(Records drawn from a dataset)
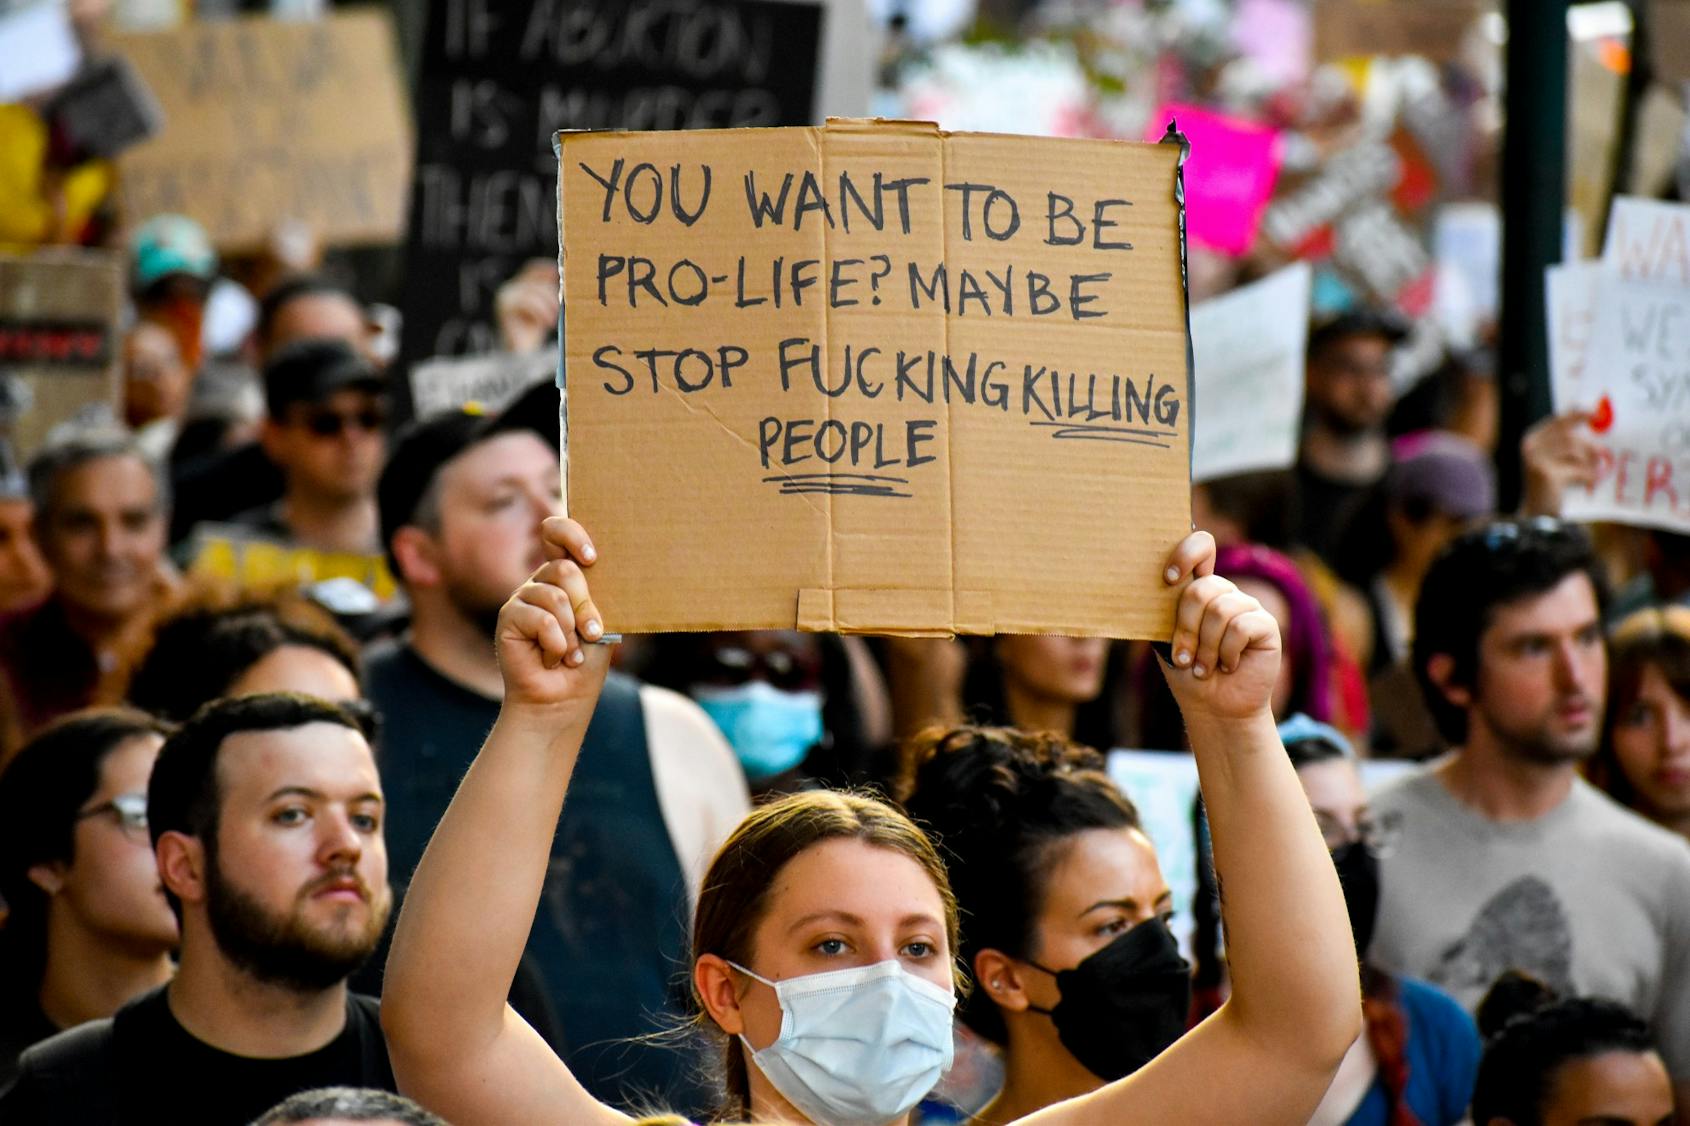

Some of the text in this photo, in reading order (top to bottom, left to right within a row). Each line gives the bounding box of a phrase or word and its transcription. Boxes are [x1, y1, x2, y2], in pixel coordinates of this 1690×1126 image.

[578, 157, 1134, 251] YOU WANT TO BE
[596, 253, 1113, 321] PRO-LIFE? MAYBE
[592, 344, 749, 396] STOP
[778, 337, 1009, 412] FUCKING
[1022, 363, 1181, 429] KILLING
[758, 415, 939, 470] PEOPLE
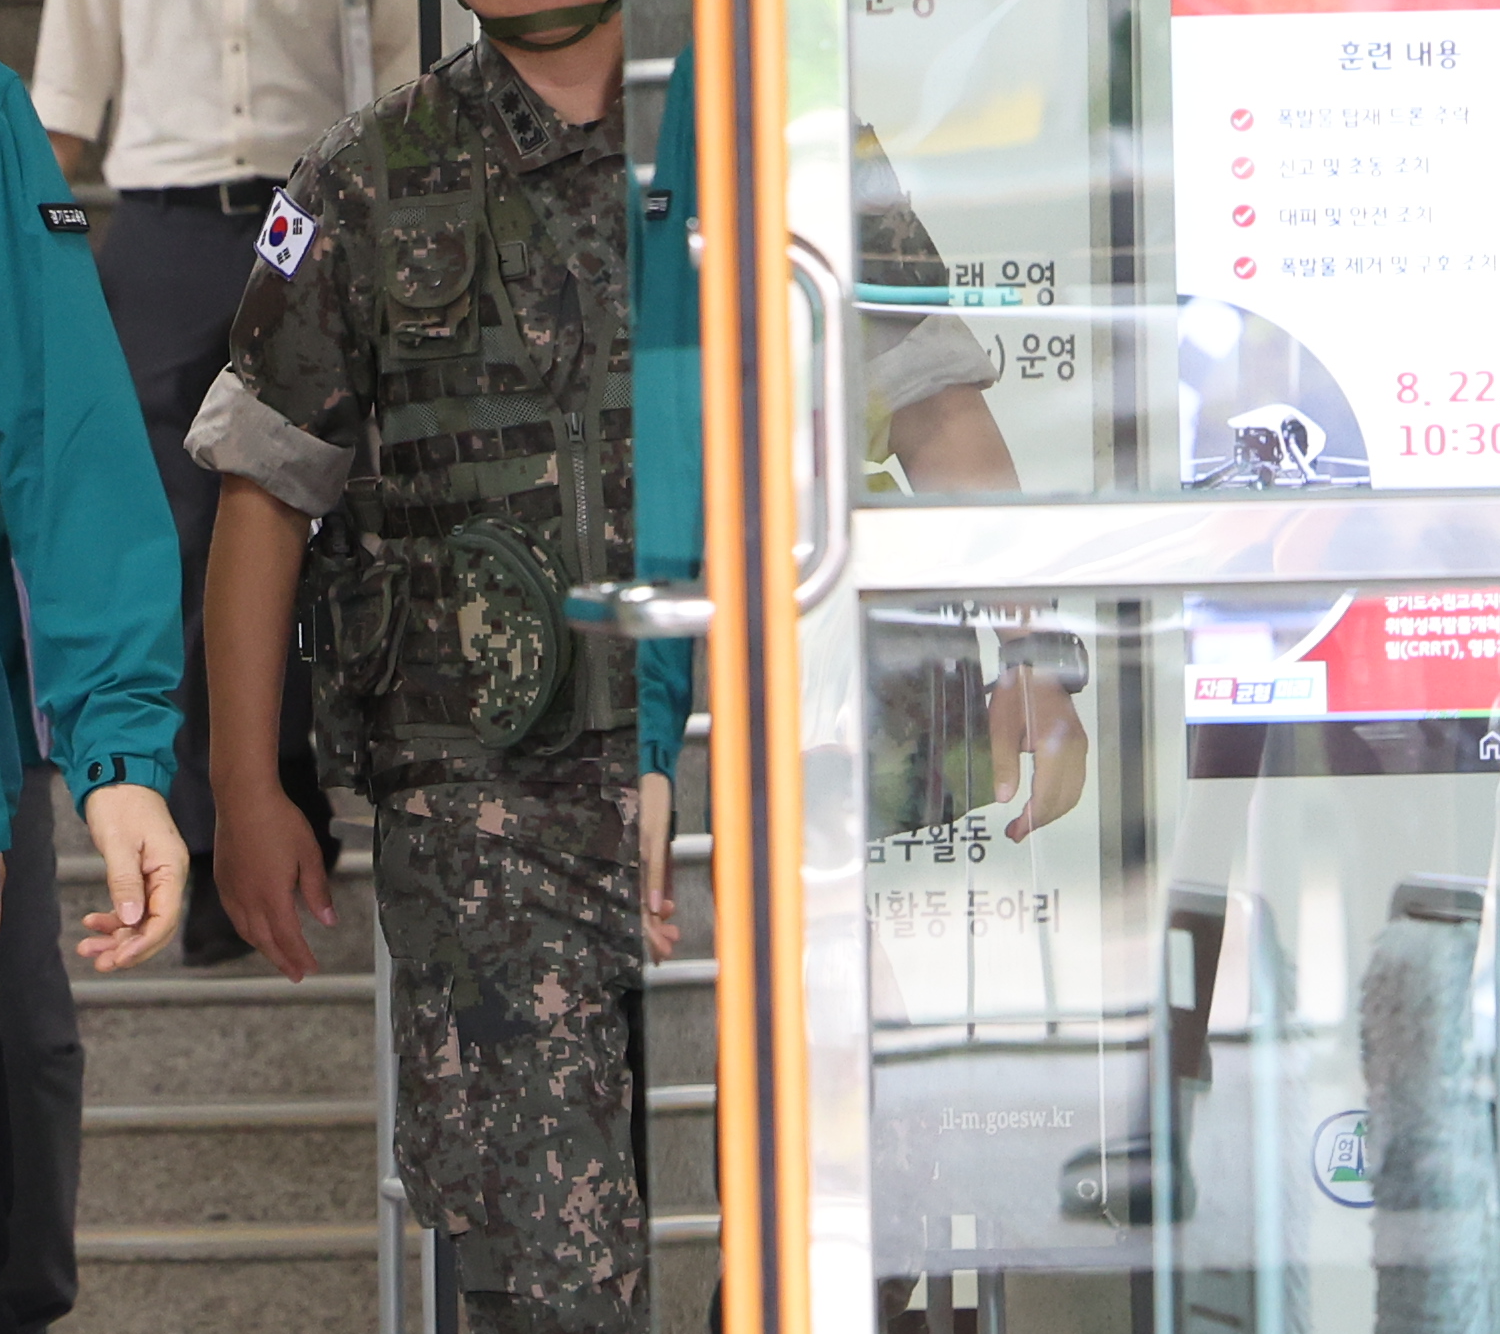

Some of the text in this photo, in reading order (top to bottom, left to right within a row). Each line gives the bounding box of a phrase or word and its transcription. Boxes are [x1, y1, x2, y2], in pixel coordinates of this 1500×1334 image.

[1337, 39, 1463, 72] 훈련 내용
[1279, 205, 1432, 228] 대피 및 안전 조치
[1281, 256, 1337, 278] 폭발물
[1344, 255, 1382, 275] 제거
[949, 260, 1056, 307] 램 운영
[1016, 333, 1076, 381] 운영
[963, 887, 1061, 939] 동아리
[938, 1105, 1075, 1136] il-m.goesw.kr

**WHAT TO WORK ON**
In your copy of the records above, include every line exactly but no pictures.

**ANSWER FOR THIS EXERCISE**
Some of the text in this photo, in reading order (top to bottom, left to right within a row). Each line gives the bounding box of a phrase or word and its transcription. Boxes are [x1, y1, x2, y2], in pixel coordinates of this 1690×1126 image.

[578, 157, 1134, 251] YOU WANT TO BE
[596, 253, 1113, 321] PRO-LIFE? MAYBE
[592, 344, 749, 396] STOP
[778, 337, 1009, 412] FUCKING
[1022, 363, 1181, 429] KILLING
[758, 415, 939, 470] PEOPLE

Some of the text in this photo, in reading order (top to bottom, left to right within a row). Each line gives the bounding box of a phrase or word and its transcription. Boxes are [x1, y1, x2, y2], in pixel coordinates of this 1500×1334 image.

[1337, 39, 1463, 72] 훈련 내용
[1279, 205, 1432, 228] 대피 및 안전 조치
[1281, 256, 1337, 278] 폭발물
[1344, 255, 1382, 275] 제거
[949, 260, 1056, 307] 램 운영
[1016, 333, 1076, 381] 운영
[963, 887, 1061, 939] 동아리
[938, 1105, 1075, 1136] il-m.goesw.kr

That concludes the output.